За узким окном густая азиатская ночь. Последняя ночь в его жизни. Павел Полторацкий меряет шагами продолговатую комнату с гладкими стенами. Он без пиджака, рубаха порвана в нескольких местах, висит клочьями. На теле и лице — синяки, кровоподтеки.

…Эсеровские головорезы ворвались на почту, когда Полторацкий уже соединился по прямому проводу с Ташкентом. Телеграфист едва успел отстучать первую фразу: «Ввиду неспокойного положения в городе, прошу срочно выслать вспомогательный отряд», как тяжелый приклад разбил аппарат, а следующим ударом был сбит на пол седой, в роговых очках телеграфист. Очки упали, и их тут же раздавили, наступив каблуком сапога…

Павел успел отпрыгнуть к окну, вырвал из кармана наган, но выстрелить не смог. Послышался только щелчок. Полторацкий чертыхнулся. Осечка! И тут на него навалились сразу несколько человек, грубых и сильных.

Потом вели по темным и пустынным улицам. Обидно было видеть среди охранников рабочих-железнодорожников. Со стороны вокзала доносилась ожесточенная винтовочная стрельба, которая скоро затихла.

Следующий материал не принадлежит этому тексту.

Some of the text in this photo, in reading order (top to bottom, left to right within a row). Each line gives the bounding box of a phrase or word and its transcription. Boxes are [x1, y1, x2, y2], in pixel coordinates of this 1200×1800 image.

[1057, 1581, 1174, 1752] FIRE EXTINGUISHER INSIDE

…За дверью мерно расхаживал часовой. Тускло горела маленькая лампочка под самым потолком, разливая слабый свет. Вокруг нее вились роем москиты и крупная ночная бабочка.

Павел прислонился спиной к стене, постоял, полузакрыв глаза. От стены исходила легкая прохлада, и он ее чувствовал кожей спины. Хотелось пить, надсадно ныло все тело в ссадинах и синяках. Что говорить, помяли его изрядно! Но не это беспокоило Павла: не выполнил главного, ради чего ехал. Как там, в Красноводске?..

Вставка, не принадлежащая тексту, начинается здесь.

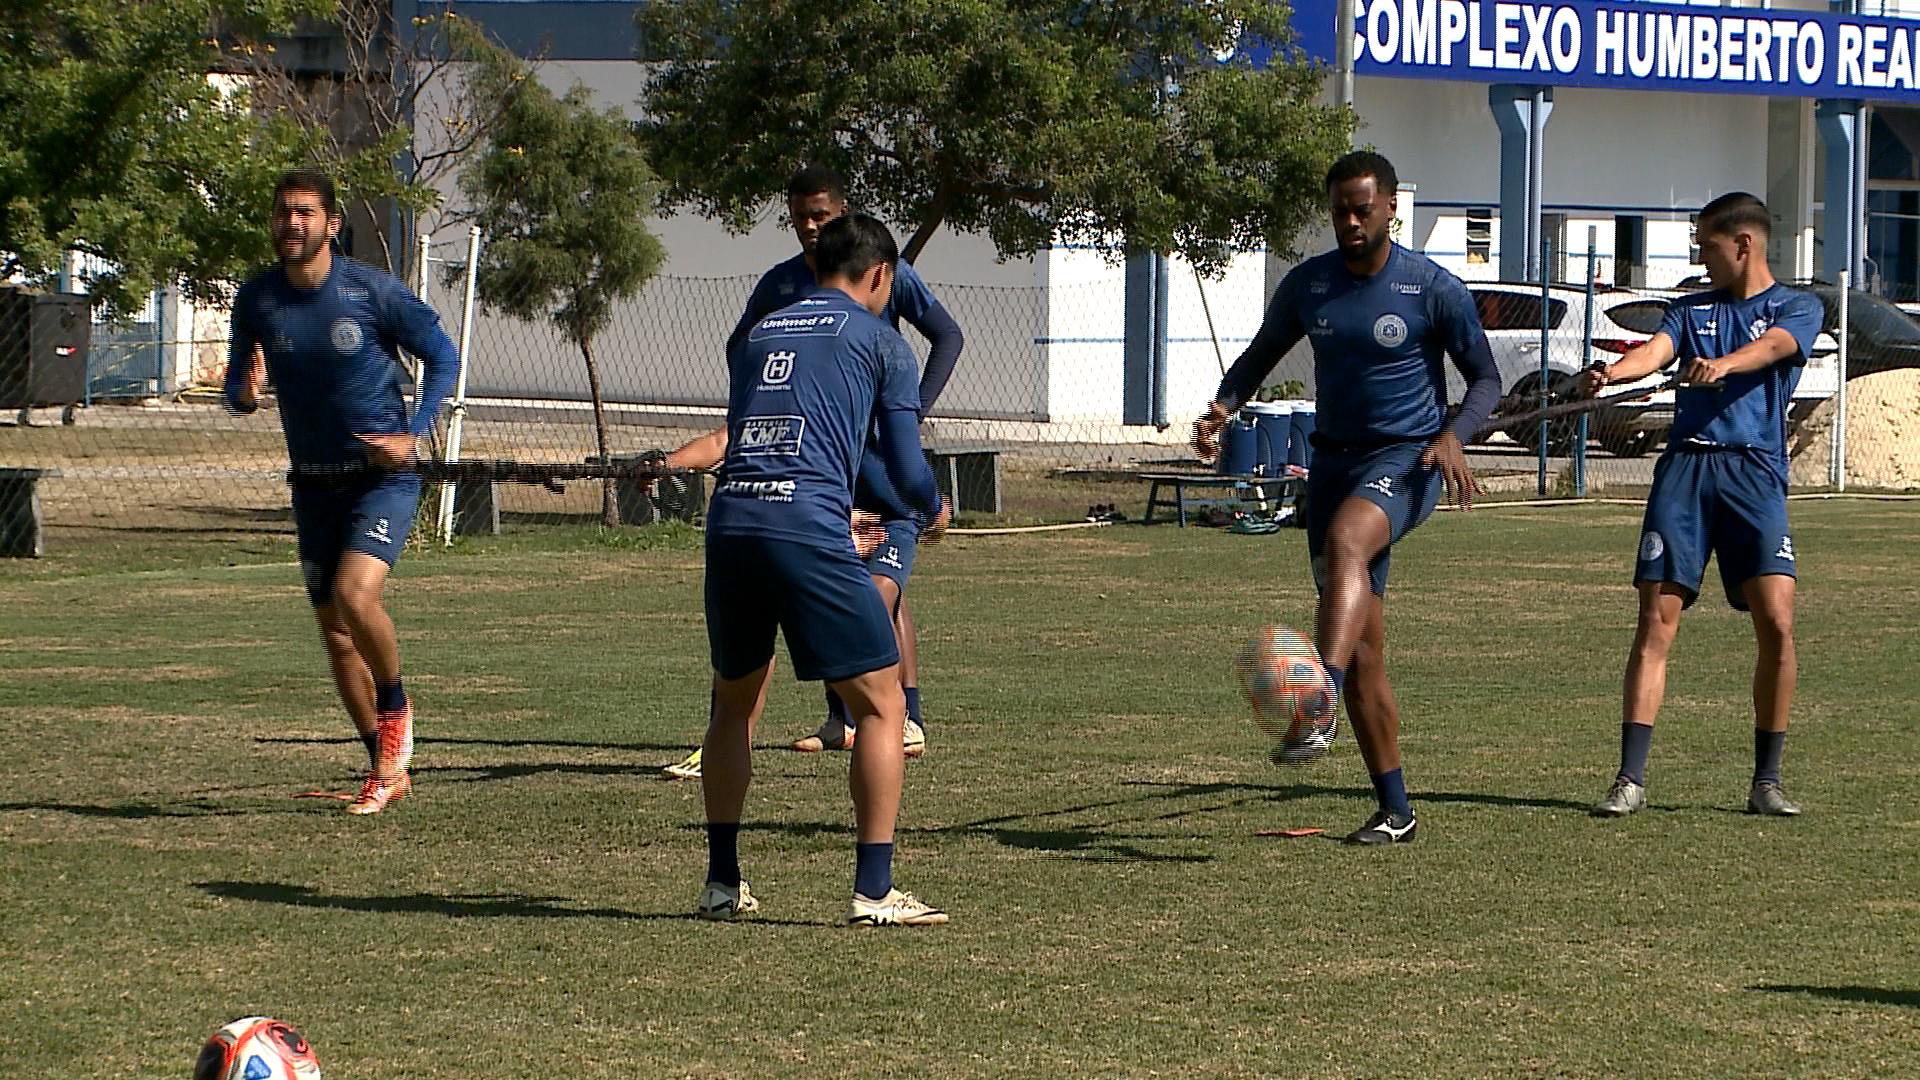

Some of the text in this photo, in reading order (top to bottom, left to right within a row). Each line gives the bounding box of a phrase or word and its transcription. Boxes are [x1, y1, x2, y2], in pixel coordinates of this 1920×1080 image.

[1595, 9, 1825, 85] HUMBERTO
[1836, 24, 1920, 90] REA
[762, 316, 818, 329] Unimed

За окном медленно всходила луна, и ее бледный серебристый свет проникал в комнату, ложился светлым продолговатым пятном на пол.

— Послухай, товарищ…

Полторацкий насторожился. Шепот доносился из-за двери. Павел неслышно подошел к двери, прислушался.

— Послухай, товарищ, — снова повторился чуть слышный голос.

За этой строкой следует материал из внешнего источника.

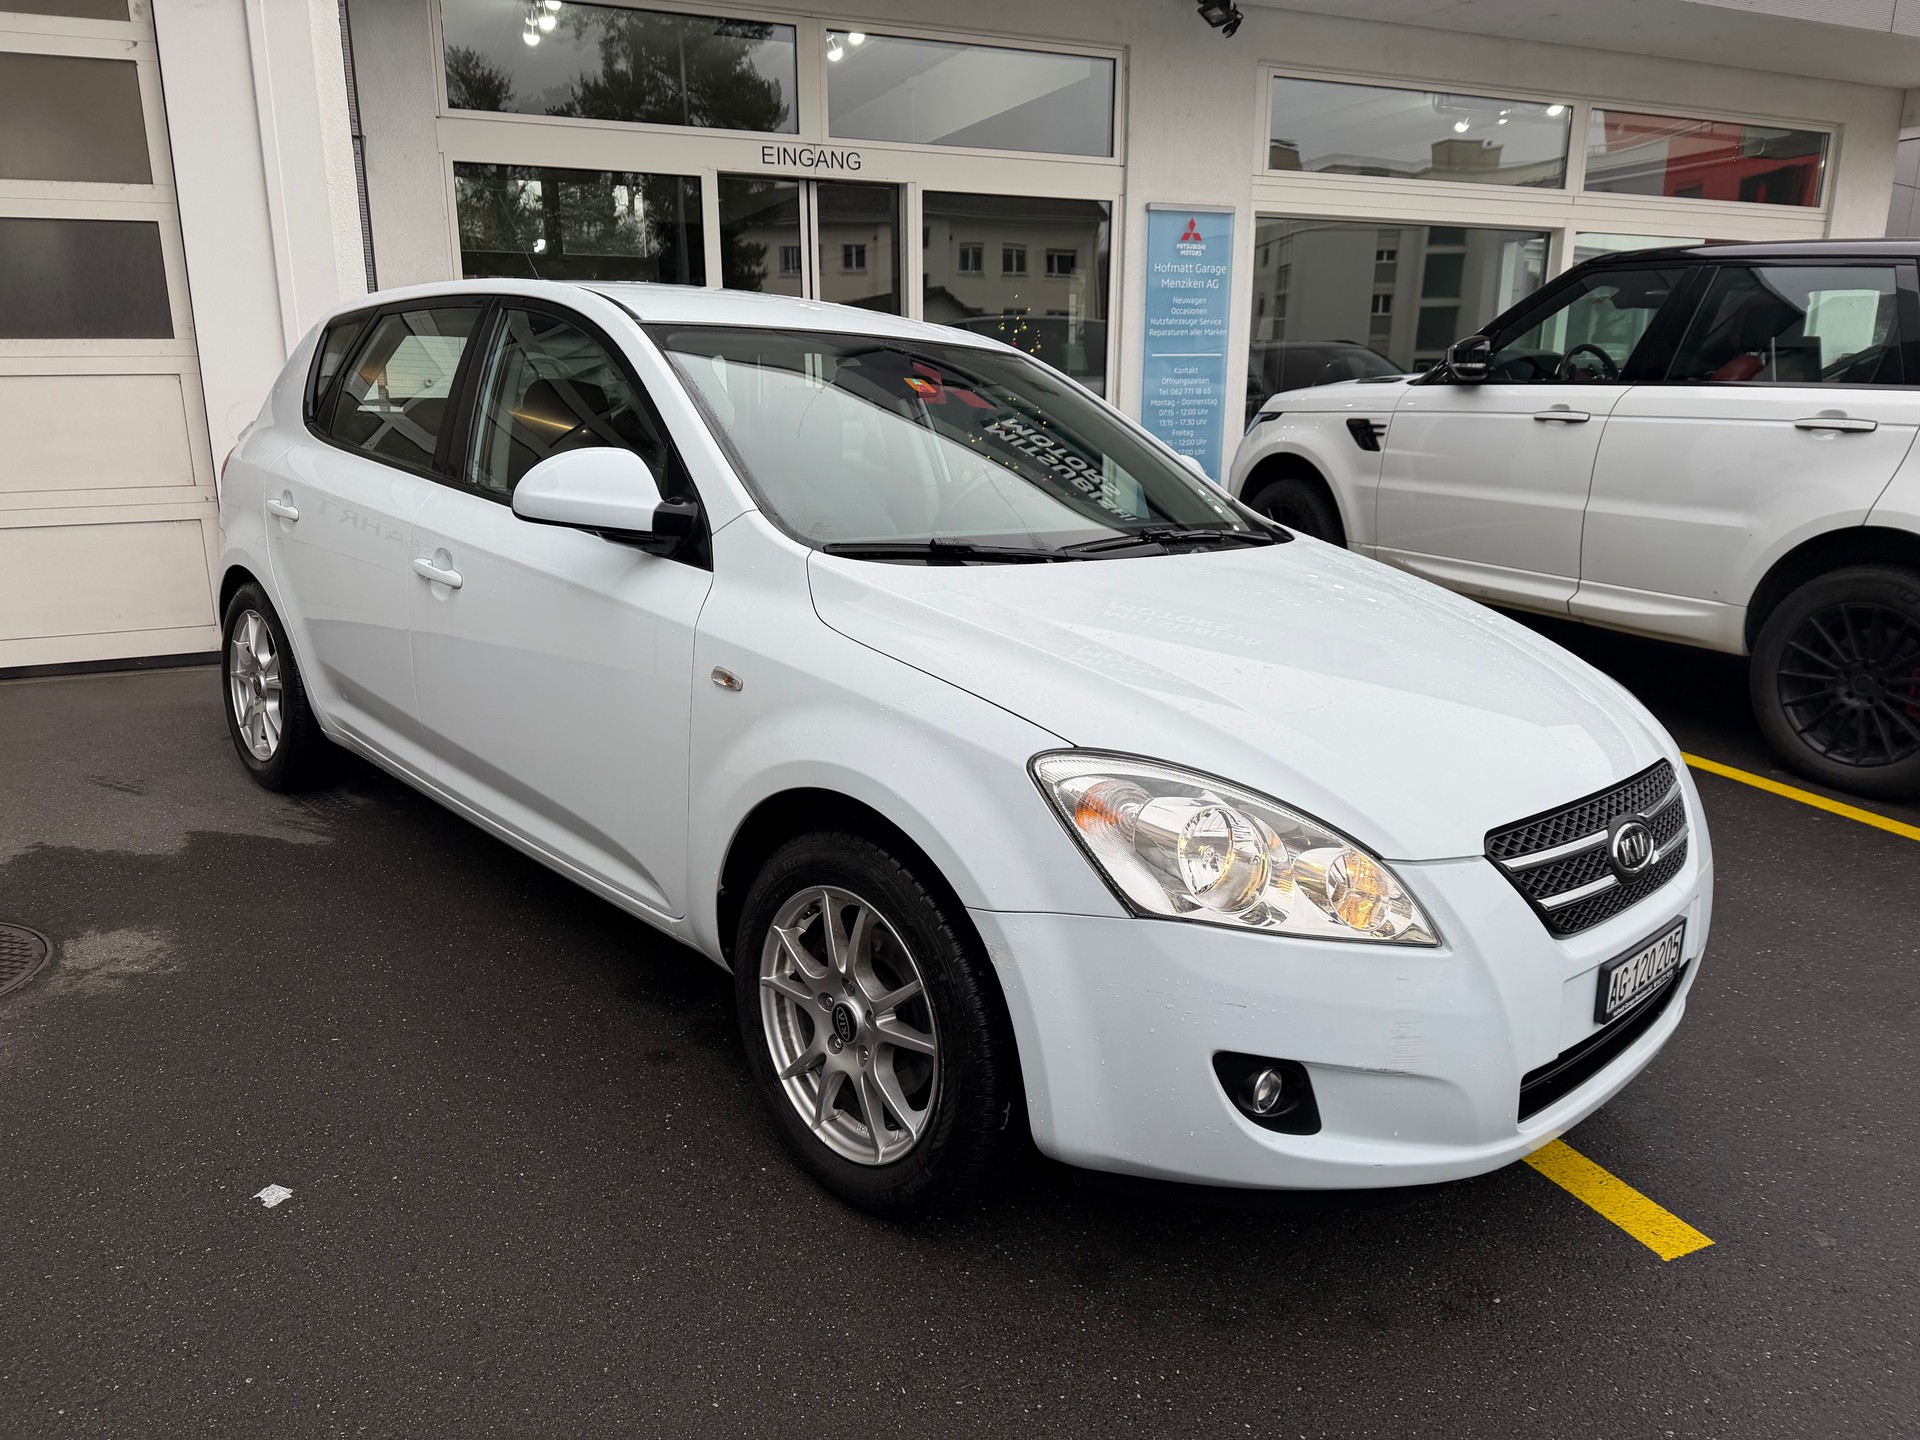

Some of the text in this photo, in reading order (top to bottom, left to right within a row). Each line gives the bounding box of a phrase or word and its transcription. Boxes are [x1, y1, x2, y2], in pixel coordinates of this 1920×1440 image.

[761, 145, 862, 171] EINGANG
[1176, 243, 1206, 251] MITSUBISHI
[1154, 262, 1227, 275] Hofmatt Garage
[1161, 278, 1219, 289] Menziken AG
[1172, 296, 1207, 305] Neuwagen
[1171, 307, 1208, 315] Occasionen
[1150, 317, 1198, 326] Nutzfahrzeuge
[1149, 328, 1228, 337] Reparaturen aller Marken
[1150, 399, 1175, 407] Montag
[1181, 398, 1218, 406] Donnerstag
[1172, 429, 1195, 437] Freitag
[838, 1012, 849, 1035] KIA

— Слушаю, — отозвался Павел.

— Это я… часовой. Сую тебе бумагу. Может, жинке или там кому родне напоследок черканешь.

Под дверь просунули белый клочок бумаги и огрызок карандаша. Павел нагнулся, поднял.

— Спасибо, друг!

Появилась возможность сказать о себе, написать последнее письмо. Но кому писать? В Ташкент товарищам по борьбе? Родным в Новую Бухару? Павел повертел в пальцах огрызок карандаша. Там они и так узнают о моей кончине. Он подошел к низкому небольшому столу, присел на табуретку. Бумага и карандаш — это оружие! Надо бороться до конца. И Павел, экономя бумагу, вывел:

«К рабочим Мерва и Ашхабада».

Неторопливо, обдумывая каждое слово, писал Павел свое письмо. Строчка плотно ложилась к строчке, как патроны в пулеметной ленте.

«Я приговорен к расстрелу. Через несколько часов меня не станет. Имея несколько часов в своем распоряжении, я хочу использовать это короткое драгоценное время для того, чтобы сказать вам, дорогие товарищи, несколько предсмертных слов.

Товарищи рабочие! Погибая от руки белой банды, я верю, что на смену мне придут новые товарищи, более сильные, более крепкие духом, которые станут и будут вести начатое дело борьбы за полное раскрепощение рабочего люда от ига капитала.

Но, уходя навсегда от вас, я, как рабочий, боюсь лишь только одного, как бы моя преждевременная смерть не была истолкована как признак временного крушения, временной утери тех завоеваний, которые были даны рабочему классу Октябрьской революцией, а это явится сильным ударом не только для туркестанского пролетариата, но и для всего дела международной революции.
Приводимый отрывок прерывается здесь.